*** Opening of Exercise data ***
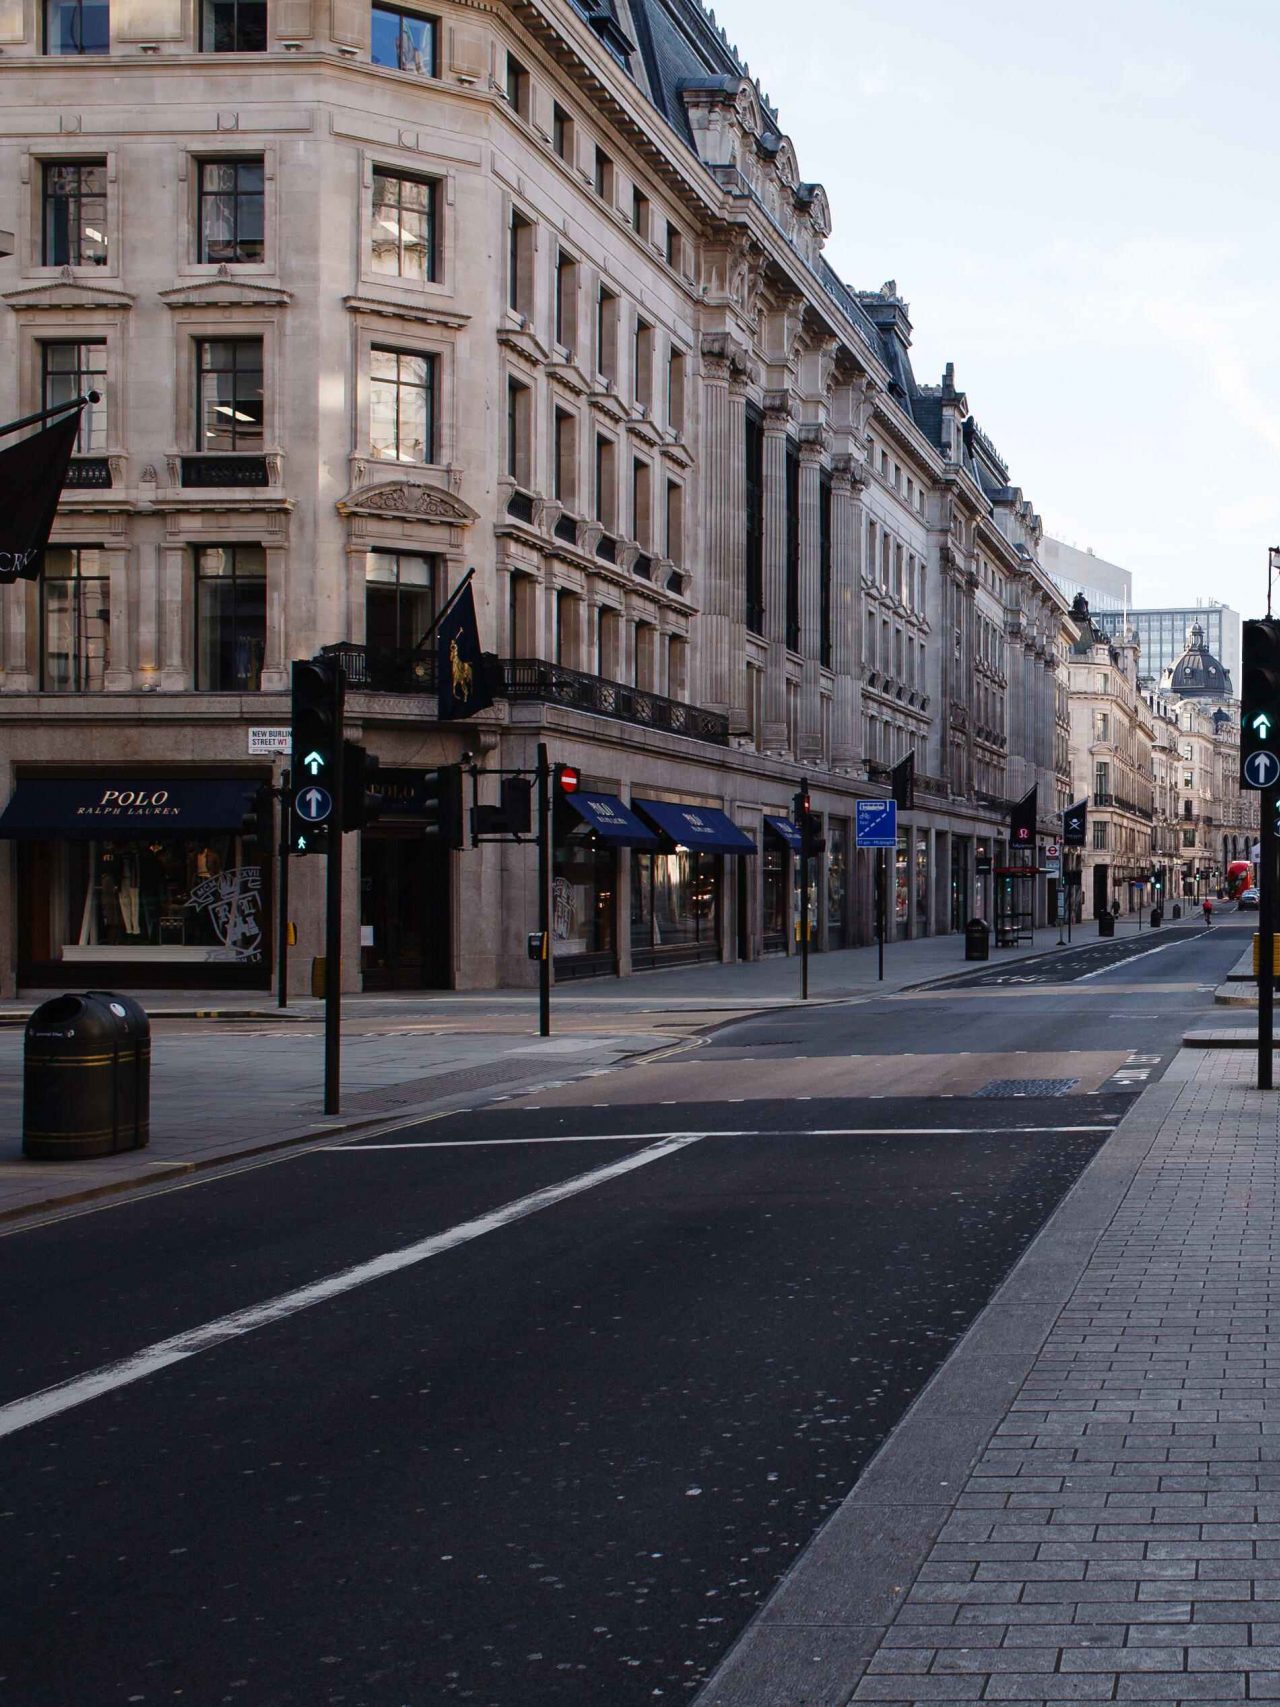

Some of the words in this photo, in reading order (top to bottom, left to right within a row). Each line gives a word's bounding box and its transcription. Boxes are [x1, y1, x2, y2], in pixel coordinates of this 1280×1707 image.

[252, 730, 267, 738] NEW
[252, 738, 276, 746] STREET
[277, 738, 287, 746] W1
[100, 790, 169, 806] POLO
[77, 807, 121, 815] RALPH
[127, 807, 181, 815] LAUREN
*** Close of Exercise data ***
* Prompt
Type the entries again verbatim. Any pictures should be skipped.

* Expected answer
Some of the words in this photo, in reading order (top to bottom, left to right within a row). Each line gives a word's bounding box and its transcription. Boxes are [x1, y1, x2, y2], in pixel coordinates of this 1280×1707 image.

[252, 730, 267, 738] NEW
[252, 738, 276, 746] STREET
[277, 738, 287, 746] W1
[100, 790, 169, 806] POLO
[77, 807, 121, 815] RALPH
[127, 807, 181, 815] LAUREN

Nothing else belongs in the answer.